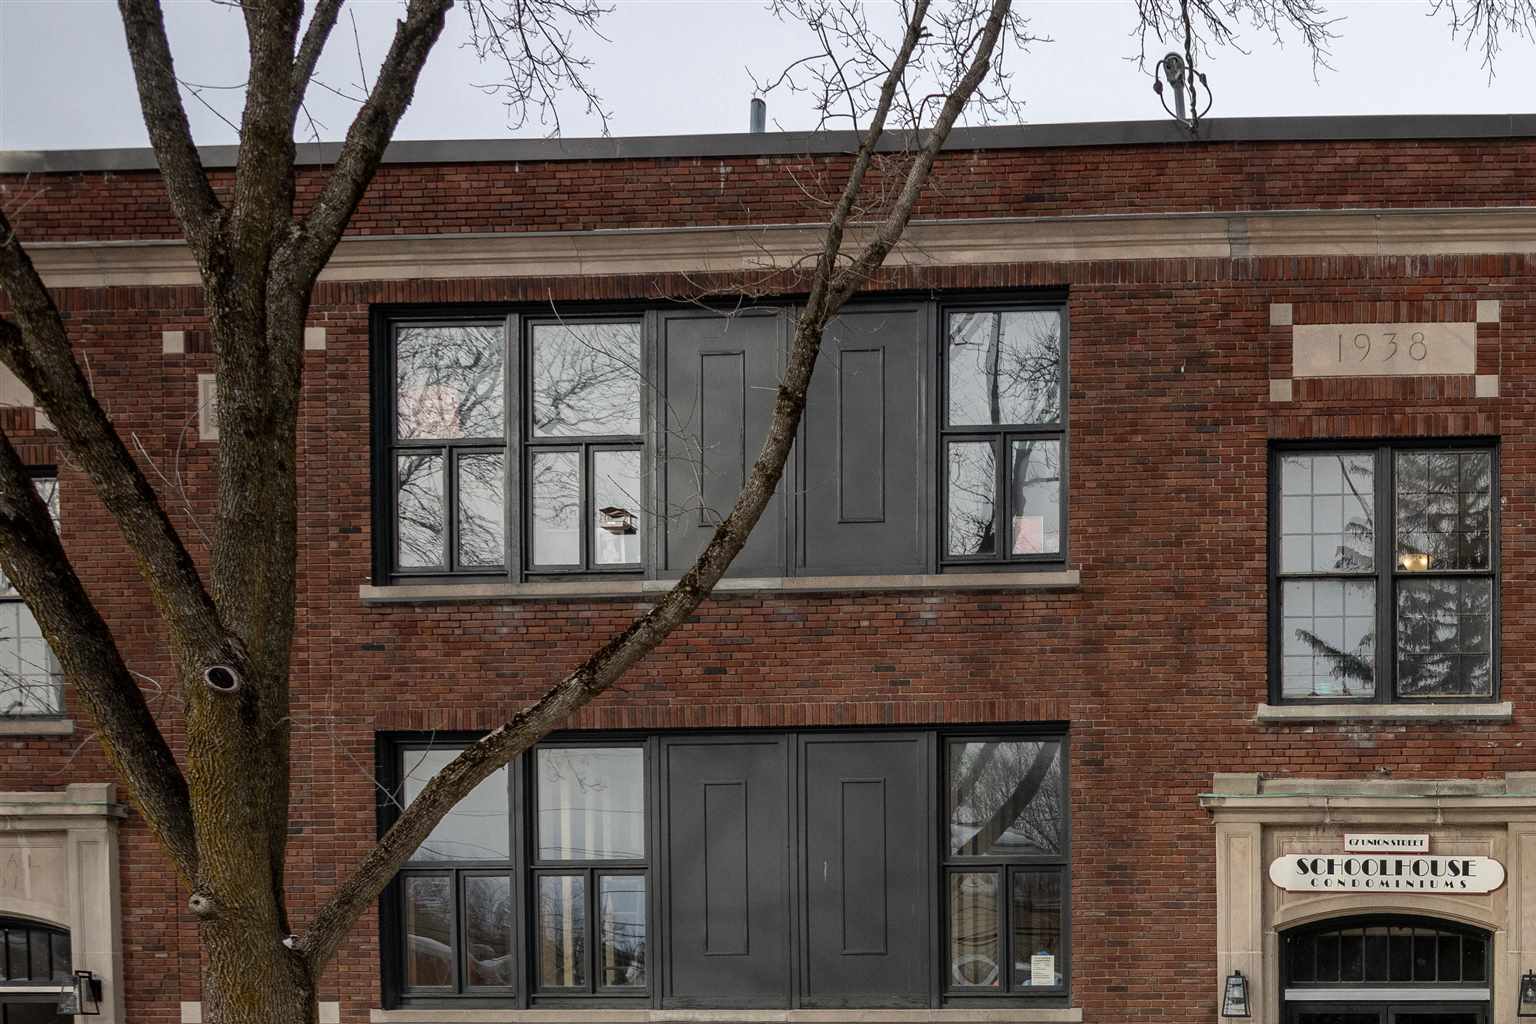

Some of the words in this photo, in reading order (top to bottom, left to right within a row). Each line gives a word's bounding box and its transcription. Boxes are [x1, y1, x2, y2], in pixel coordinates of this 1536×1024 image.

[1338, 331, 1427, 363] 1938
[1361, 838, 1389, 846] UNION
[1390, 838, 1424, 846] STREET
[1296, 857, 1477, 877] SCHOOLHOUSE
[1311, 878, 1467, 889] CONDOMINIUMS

Task description
Retype each line above precisely, please. Skip anything that is a picture.

Response below
Some of the words in this photo, in reading order (top to bottom, left to right within a row). Each line gives a word's bounding box and its transcription. Boxes are [x1, y1, x2, y2], in pixel coordinates of this 1536×1024 image.

[1338, 331, 1427, 363] 1938
[1361, 838, 1389, 846] UNION
[1390, 838, 1424, 846] STREET
[1296, 857, 1477, 877] SCHOOLHOUSE
[1311, 878, 1467, 889] CONDOMINIUMS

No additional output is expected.